Purpose: : Glucocorticoids (GCs) block photoreceptor cell death in inherited and light-induced retinal degenerations. Steroids can exert potent antiapoptotic effects through different pathways. However, GC-dependent survival pathways in the retina are still controversial. Therefore we evaluated the effects of GC receptor (GR) inhibition on light-induced photoreceptor degeneration and sought a correlation between these effects and levels of the antiapoptotic protein Bcl-X_L.

Methods: : Experimental work was done according to the ARVO Statement for the use of animals. Male Balb-c mice (35-45 days-old), bred under standard illumination conditions (12:12 h light: dark; < 60 lux), remained in complete darkness for 24 h.
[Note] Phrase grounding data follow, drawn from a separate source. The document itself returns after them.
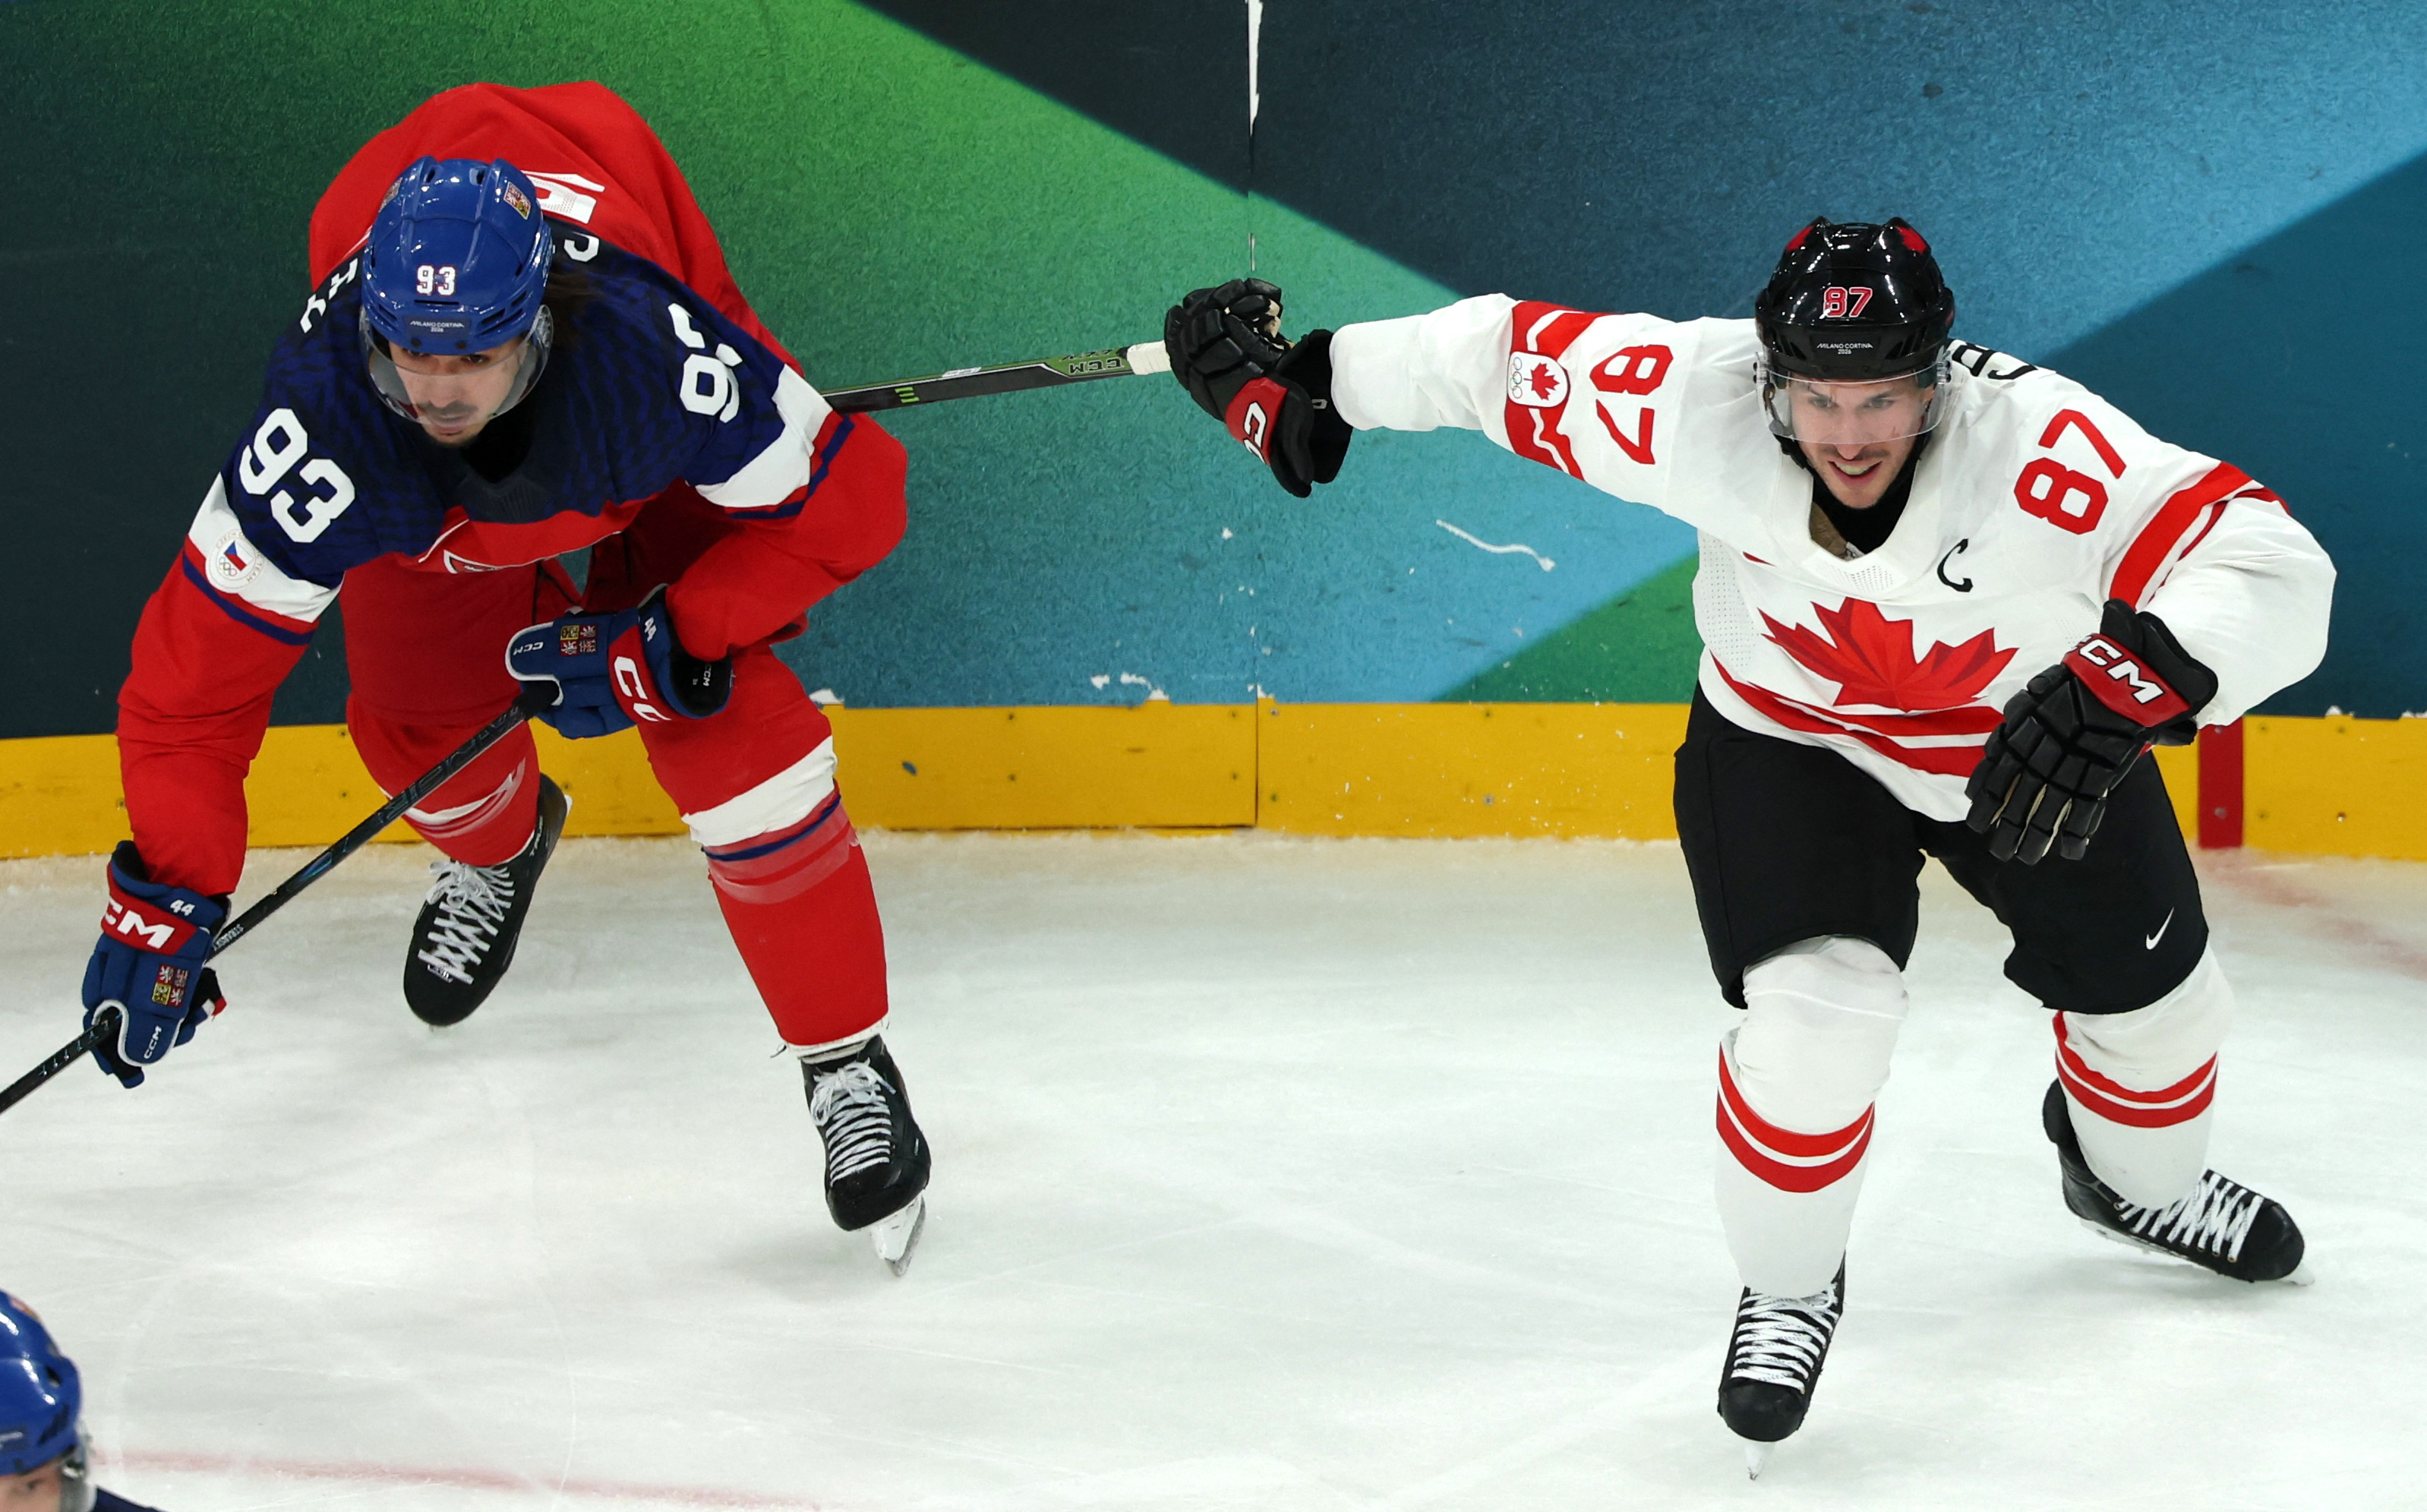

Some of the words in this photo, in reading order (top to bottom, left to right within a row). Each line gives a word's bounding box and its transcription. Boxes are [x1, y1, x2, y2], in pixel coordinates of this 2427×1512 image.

[415, 264, 456, 297] 93
[1823, 286, 1873, 317] 87
[1068, 356, 1125, 375] CCM
[1589, 344, 1674, 465] 87
[239, 408, 355, 543] 93
[2014, 409, 2126, 535] 87
[1937, 538, 1973, 592] C
[513, 641, 544, 656] CCM
[2076, 633, 2164, 705] CM
[105, 895, 175, 950] CM
[170, 899, 196, 917] 44
[144, 1025, 163, 1059] CCM
They were divided in two groups: those returning to standard illumination, and those exposed to 1,500 lux during 2-4 days. Animals from both groups received mifepristone (MFP, a GR inhibitor) or dexamethasone (DEX) or saline. Photoreceptor degeneration was evaluated by histology, cleaved caspase-3 (CC3) immunostaining and opsin protein levels. GR and Bcl-X_L was immunochemically detected in cryosections and Western blots.

Results: : In normal mice, GR-ir appeared in cell nuclei from all retinal layers. Light-exposed retinas showed stronger immunostaining. After 2 days under 1,500 lux, retinas displayed shortening of photoreceptor outer segments and decreased opsin. Damage after 4 days included loss of photoreceptor cell nuclei and decrease of opsin below detection levels. Opsin decrease at 2 days was prevented by DEX and increased by MFP administration. GR inhibition also increased the number of CC3+ cell nuclei. Opsin levels were unchanged in animals remaining under standard illumination, with or without DEX or MPF administration.Animals exposed to 1,500 lux during 4 days and returned to standard illumination for another 6 days showed partial recovery of opsin levels. Opsin recovery did not occur in mice receiving MFP during light exposure.Bcl-X_L levels decreased after 2 days under 1,500 lux. This effect was prevented by DEX. Administration of MFP determined a large reduction of Bcl-X_L levels, even in animals remaining under standard illumination.

Conclusions: : Our observations indicate that MFP increased photoreceptor damage and death after exposure to toxic light levels. GR-mediated activation of the antiapoptotic molecule Bcl-X_L would be an important component of photoreceptor response to light injury. Retinas deficient in Bcl-X_L might be abnormally sensitive to apoptotic stimuli.